[Opening DATA PROVIDED section]

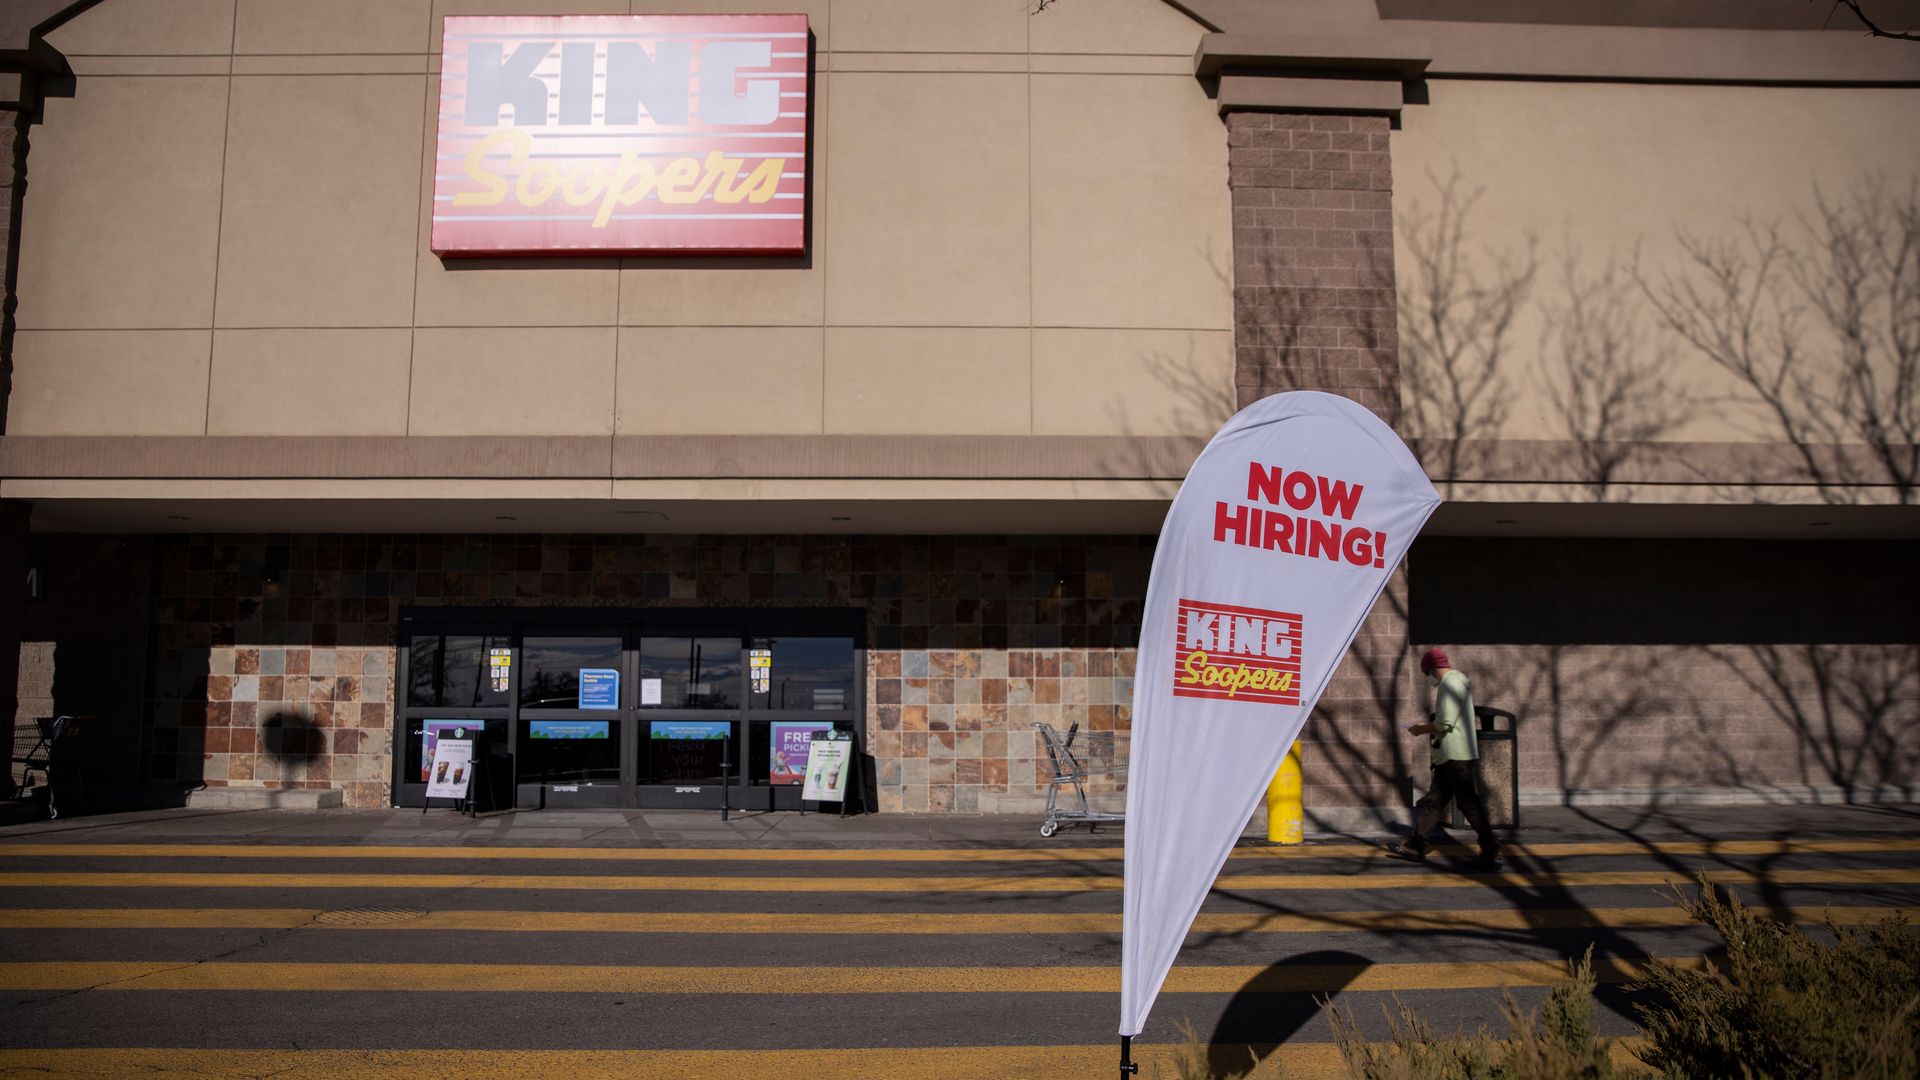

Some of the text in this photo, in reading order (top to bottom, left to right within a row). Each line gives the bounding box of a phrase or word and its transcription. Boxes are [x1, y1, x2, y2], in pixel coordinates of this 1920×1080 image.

[463, 41, 780, 126] KING
[452, 129, 786, 228] Soopers
[1247, 461, 1364, 520] NOW
[1213, 501, 1387, 569] HIRING!
[26, 567, 37, 597] 1
[1185, 610, 1292, 659] KING
[1181, 651, 1293, 697] Soopers
[784, 732, 811, 743] FRE
[784, 743, 809, 752] PICK
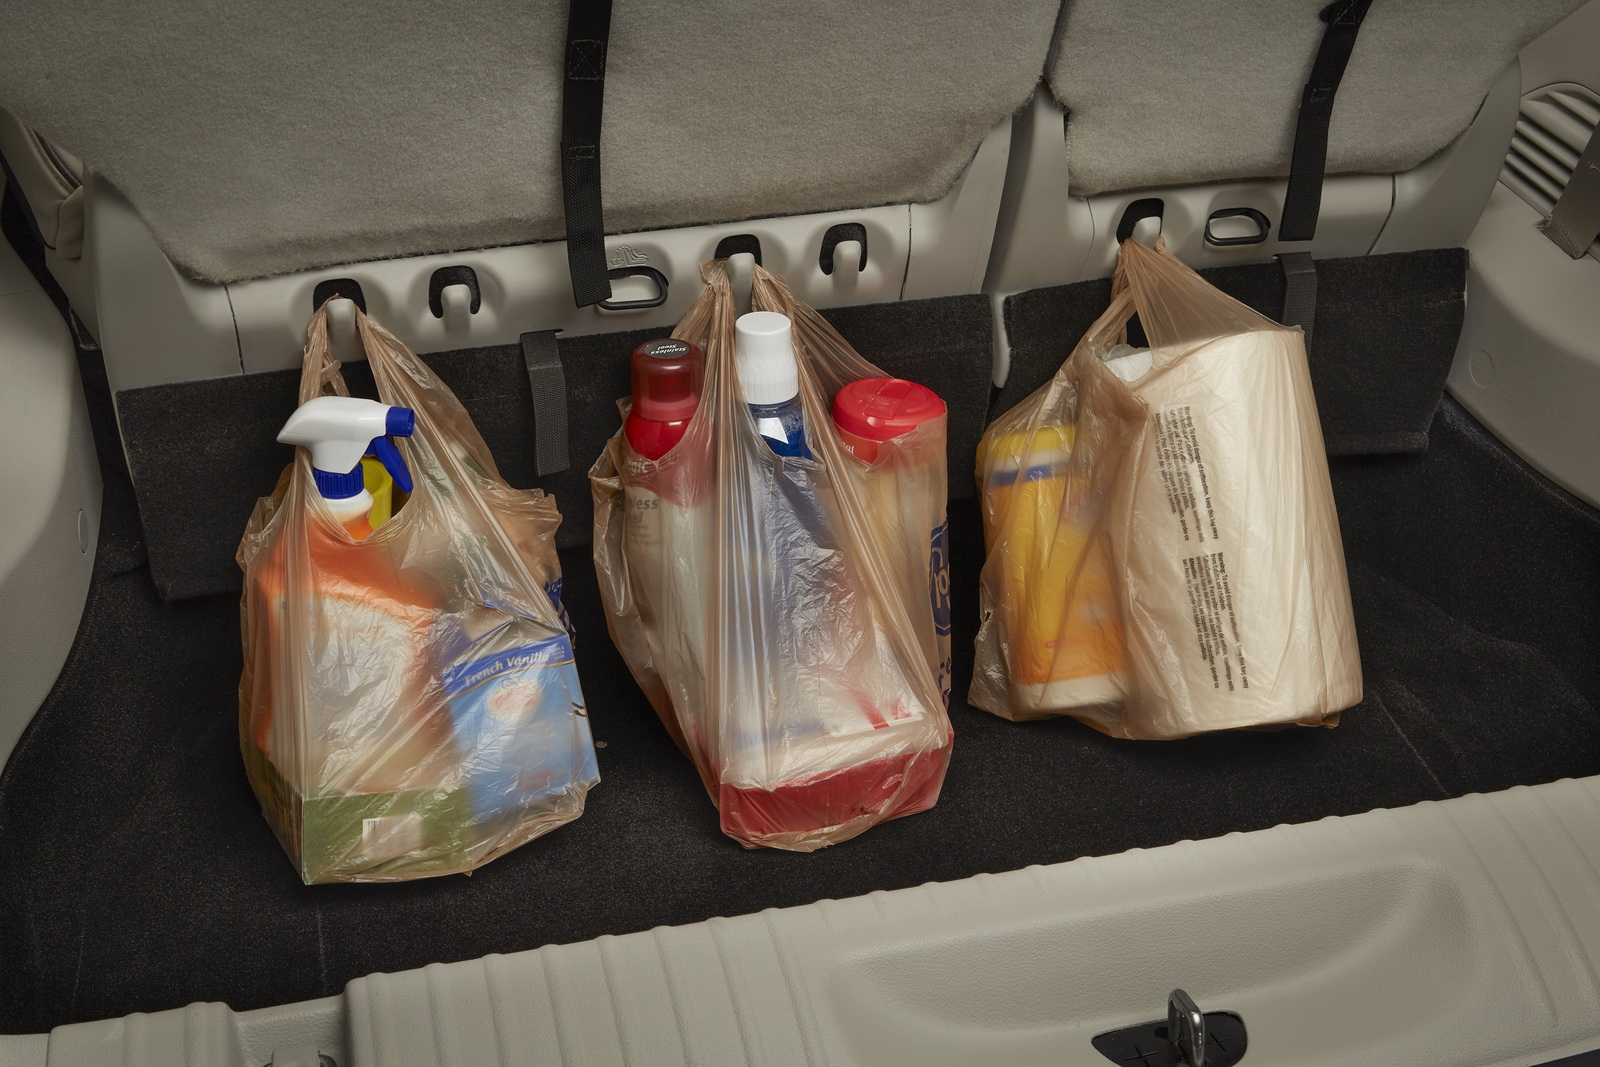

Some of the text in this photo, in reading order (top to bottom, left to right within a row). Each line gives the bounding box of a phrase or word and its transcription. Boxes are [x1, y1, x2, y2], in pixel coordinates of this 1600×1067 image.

[1199, 469, 1208, 496] suffocation,
[1180, 519, 1188, 534] garder
[466, 661, 504, 687] French
[507, 651, 549, 668] Vanilla
[1206, 639, 1214, 666] suffocation,
[1210, 667, 1218, 682] garder

[Closing DATA PROVIDED section]

* _PROBLEM TO SOLVE_:
Exclude every picture and restate the listing word for word.

* _ANSWER SPACE_:
Some of the text in this photo, in reading order (top to bottom, left to right within a row). Each line gives the bounding box of a phrase or word and its transcription. Boxes are [x1, y1, x2, y2], in pixel coordinates of this 1920×1080 image.

[463, 41, 780, 126] KING
[452, 129, 786, 228] Soopers
[1247, 461, 1364, 520] NOW
[1213, 501, 1387, 569] HIRING!
[26, 567, 37, 597] 1
[1185, 610, 1292, 659] KING
[1181, 651, 1293, 697] Soopers
[784, 732, 811, 743] FRE
[784, 743, 809, 752] PICK

Some of the text in this photo, in reading order (top to bottom, left to right within a row). Each line gives the bounding box of a phrase or word and its transcription. Boxes are [x1, y1, x2, y2], in pixel coordinates of this 1600×1067 image.

[1199, 469, 1208, 496] suffocation,
[1180, 519, 1188, 534] garder
[466, 661, 504, 687] French
[507, 651, 549, 668] Vanilla
[1206, 639, 1214, 666] suffocation,
[1210, 667, 1218, 682] garder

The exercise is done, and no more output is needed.